RECEPTIONIST: She's right.
(Jerry and Buddy sit on the bench, reminiscing.)
JERRY: So you were with him that day at the track?
BUDDY: Oh yeah. He won a thousand dollars. His son was there too.
BUDDY: Yeah, that's it. Leo. Ooh, what an obnoxious little kid. He used to steal my soda bottles. and cash 'em in for the deposits, uh?
JERRY: Is that so?
BUDDY: And, after your grandfather hit the daily double, he gave him a hundred dollars, and told him to give fifty to his sister. His sister? Why I tell you he shoulda give it to me for all the bottles he took!
JERRY: Well, that's very interesting.
(Just then, Uncle Leo strolls up the path to the nursing home. Jerry spots his arrival.)
JERRY: (standing) Uncle Leo! I just met an old acquaintance of yours. (indicates Buddy) You remember Buddy. He just told me quite a story about you and Grandpa at the track.
(Leo's caught out, and looks worried.)
LEO: (defensive) One second...
JERRY: (with a triumphant point) You're busted!
[Lobby, Jerry's Building]
(Jerry enters from the street. Steve is in the lobby, collecting his mail. Jerry decides to be friendly.)
JERRY: Hey, Steve. How you doing?
(Steve turns to Jerry, gives him a disdainful look, and turns away again. Another guy (Jeff) approaches from within the building. Jerry tries the friendly approach again.)
JERRY: Hey, Jeff. What's happening?
(Jeff completely blanks Jerry and goes to get his mail. Jerry spots Mary over by Kramer's gallery wall, and walks across to her.)
JERRY: Mary! Oh, Mary! Give us a kiss.
(Mary moves to avoid Jerry.)
JERRY: Don't be like that, Mary. C'mon, I made a mistake!
MARY: (contemptuous) Look, why don't you do everybody a favour, and just get out of this building? (angry) Nobody wants you here. Nobody!
(Jerry looks downcast. Mary walks over to the mailboxes, where she greets Jeff and Steve.)
JEFF: Hi Mary.
MARY: Hi Jeff. How are you?
(Mary and Jeff kiss hello.)
MARY: Hi Pete.
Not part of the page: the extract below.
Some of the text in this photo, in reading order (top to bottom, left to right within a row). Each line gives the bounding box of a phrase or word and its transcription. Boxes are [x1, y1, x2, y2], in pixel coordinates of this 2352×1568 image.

How you doing?
(Mary and Pete kiss hello.)
PETE: Hey, let's go get some coffee.
JEFF: Great idea.
MARY: Oh, that'd be great.
(The three of them exit together chatting happily, watched by a rueful Jerry. Jerry looks at his photo on the wall and adjusts it so it's straight. Then Jerry notices the elevator is about to go up, so he asks a favour of the occupant as he crosses the lobby.)
JERRY: Oh, Paul, could you hold that door...
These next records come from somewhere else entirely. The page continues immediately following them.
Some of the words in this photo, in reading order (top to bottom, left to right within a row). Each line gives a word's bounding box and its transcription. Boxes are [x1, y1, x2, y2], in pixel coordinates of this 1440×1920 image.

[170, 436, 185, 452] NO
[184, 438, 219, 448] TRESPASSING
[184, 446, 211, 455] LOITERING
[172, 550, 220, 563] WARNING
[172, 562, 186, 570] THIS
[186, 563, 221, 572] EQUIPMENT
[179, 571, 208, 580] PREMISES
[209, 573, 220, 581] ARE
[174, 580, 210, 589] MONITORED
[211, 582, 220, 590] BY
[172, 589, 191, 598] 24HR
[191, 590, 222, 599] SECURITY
(But Paul makes no move to hold the door, which shuts in Jerry's face.)
[Hall Outside Kramer's Apartment]
(Jerry, wearing a bathrobe and with a towel round his neck, knocks at Kramer's door. Kramer takes a quick peek through the peephole, then opens the door.)
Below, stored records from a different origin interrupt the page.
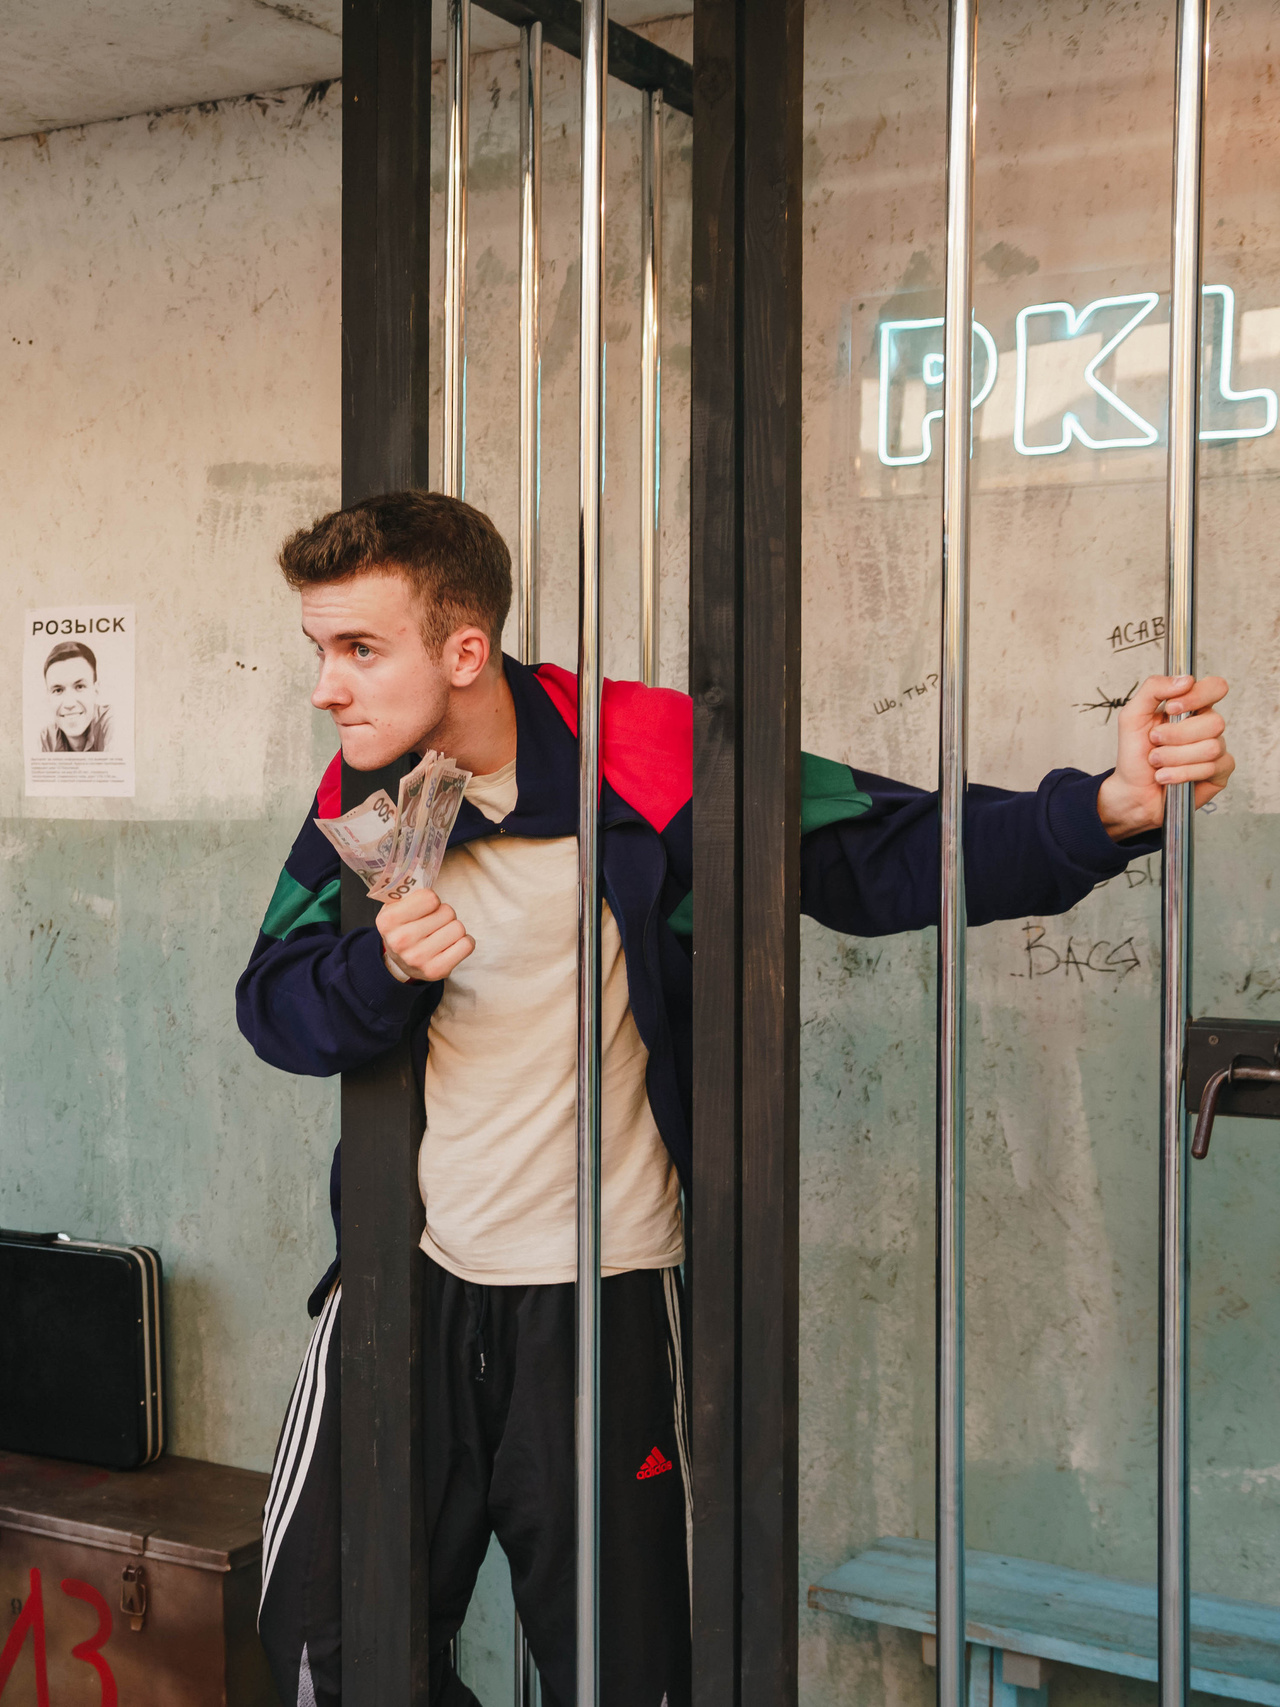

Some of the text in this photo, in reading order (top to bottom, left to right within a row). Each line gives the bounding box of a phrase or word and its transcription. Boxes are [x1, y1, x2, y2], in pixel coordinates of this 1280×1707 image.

[877, 283, 1279, 467] PKL
[32, 616, 125, 636] РОЗЫСК
[1106, 616, 1166, 648] ACAB
[373, 797, 395, 824] 500
[387, 875, 418, 900] 500
[636, 1460, 672, 1480] adidas
JERRY: Hey. Could I use your shower?
KRAMER: What, again? You took one this morning.
JERRY: (pleading) I got a date. C'mon, please.
KRAMER: I know but I... (waves toward the interior of his apartment) Little problem.
KRAMER: (leaning to look round Kramer) Wendy here?
KRAMER: No no no. She changed her hairstyle, (pulls a face) it's terrible. No, we're done.
(A happy looking guy pushes his way past Kramer and out of the apartment.)
GUY: I'll go get some more beer.
KRAMER: Oh yeah, yeah, great. (calling after the guy) And get some of those blue corn chips.
(An attractive redheaded woman comes along the hallway. Kramer greets her approach.)
STEFANIE: Hi Cosmo.
STEFANIE: (kisses Kramer hello) Mmmwah.
KRAMER: Ooh, I like that.
JERRY: (impressed) Who's that?
KRAMER: Stefanie. 2-G.
JERRY: Oh man. Looks like you got quite a few people here.
(Jerry tries to see around Kramer into his apartment.)
KRAMER: Yeah yeah. Well uh, you know, I'd invite you in, but uhm... you know.
JERRY: (rueful acceptance) Oh, yeah, I understand.
(Kramer closes the door, and Jerry can be seen peering through the narrowing gap until it shuts.)